Je l’ai dit, nous avons créé une cinquième branche de la Sécurité sociale dédiée à l’autonomie, au mois d’août 2020 et cette nouvelle branche n’a rien de symbolique : elle permet d’intégrer le risque de perte d’autonomie dans la solidarité nationale et elle finance, par la solidarité nationale, une partie importante des dépenses liées à la perte d’autonomie. Et les montants déployés n’ont eux non plus rien de symbolique puisque ce sont 2.4Md€ à échéance 2024, pour une montée en charge progressive qui atteindra 3Md€ en 2030.

Mesdames, messieurs,

Je ne peux terminer cette intervention sans vous dire qu’à chaque instant, depuis un peu plus de deux ans, j’ai eu le souci de protéger nos aînés, qu’ils soient à domicile ou en établissements.

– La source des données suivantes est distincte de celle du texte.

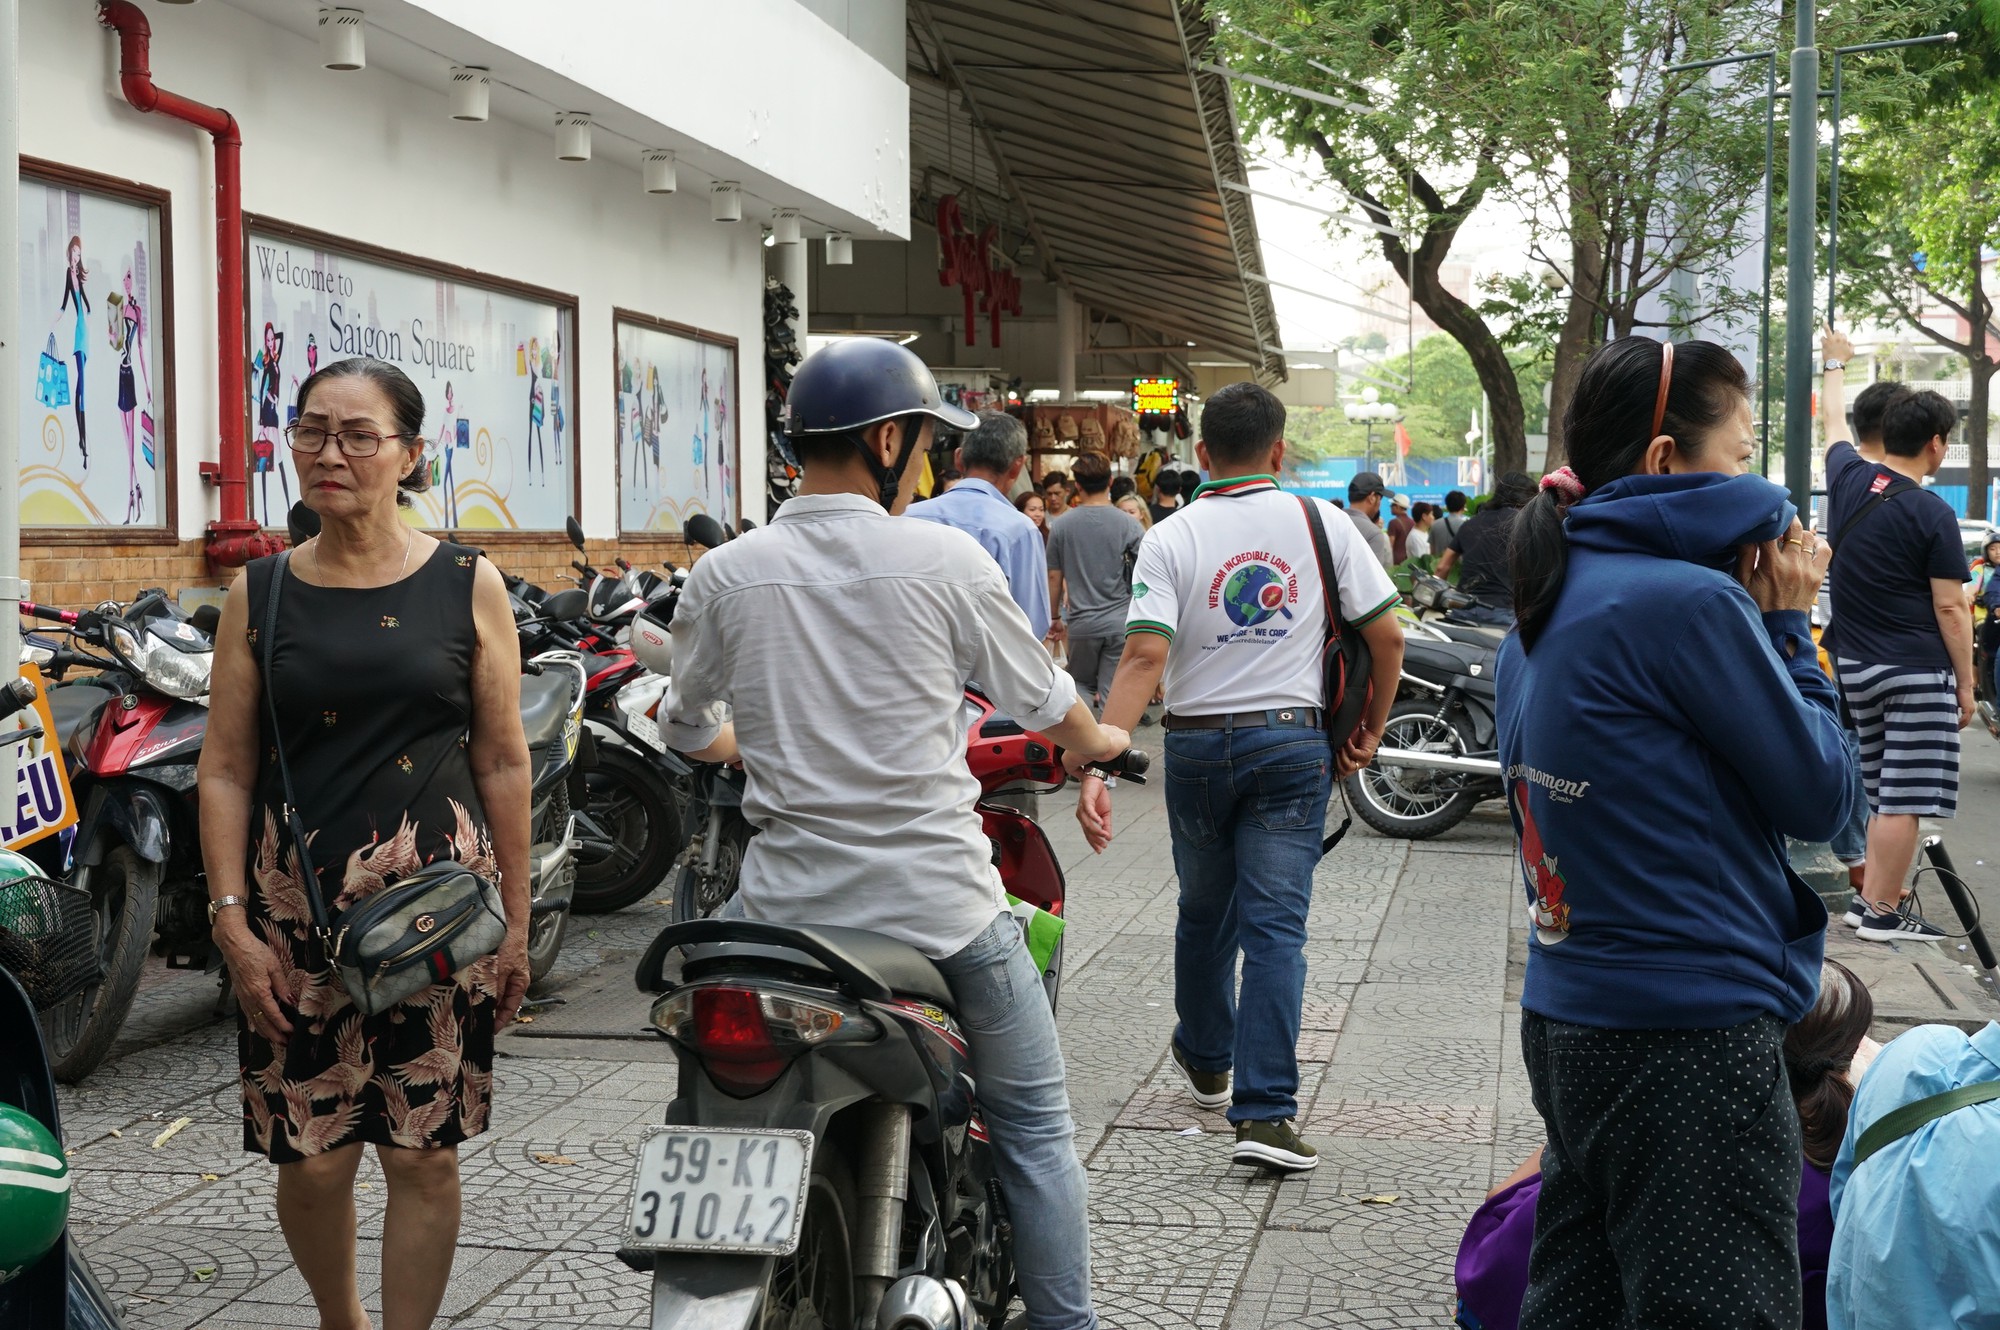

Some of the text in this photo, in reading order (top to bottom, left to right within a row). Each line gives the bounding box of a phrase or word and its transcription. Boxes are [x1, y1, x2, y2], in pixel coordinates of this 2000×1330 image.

Combien de fois n’ai-je pas dû lutter contre le discours simpliste et odieux m’invitant à ne confiner que les personnes âgées, comme si nos aînés ne partageaient pas notre communauté de destin ?

Combien de fois n’ai-je pas répété qu’une société capable de traiter différemment ses anciens n’était pas une société dans laquelle je voudrais faire grandir mes enfants ? Aujourd’hui, dans la continuité de nombreux engagements pris au cours de ce quinquennat, nous renforçons notre action au service de celles et ceux qui nous ont précédés, qui ont pris soin de nous et dont, à notre tour, nous devons prendre soin.

C’est l’ordre des choses et rien ne doit le perturber : ni les économies de bout de chandelles, ni les calculs mesquins, ni la cupidité, ni l’indifférence.

J’ai donc souhaité que nous allions plus loin dans les ambitions que nous portons pour le grand âge et l’autonomie dans notre pays, et Brigitte Bourguignon va vous détailler les mesures que nous avons construites, non pas sous le coup de l’émotion, mais qui étaient pour certaines déjà présentes et engagées par la LFSS pour 2022, et que nous avons décidé de renforcer, notamment en matière de contrôle et d’évaluation.

Face à des situations qui sont souvent difficiles, aucune place ne doit être laissée à l’opacité, et on ne peut accepter d’exposer tout un secteur au doute des Français, surtout lorsque les structures reçoivent de l’argent public. Cette transparence est la condition d’une confiance qui se gagne et qui, comme chacun sait, « n’exclut pas le contrôle ».

Pour recréer la confiance, nous voulons une transparence totale sur les services rendus, sur les tarifs, sur le budget quotidien alloué aux repas et sur toute une série d’indicateurs qui devront être mis à la disposition des résidents et des familles. Nous attendons, et nous exigeons, que la qualité devienne le maître mot.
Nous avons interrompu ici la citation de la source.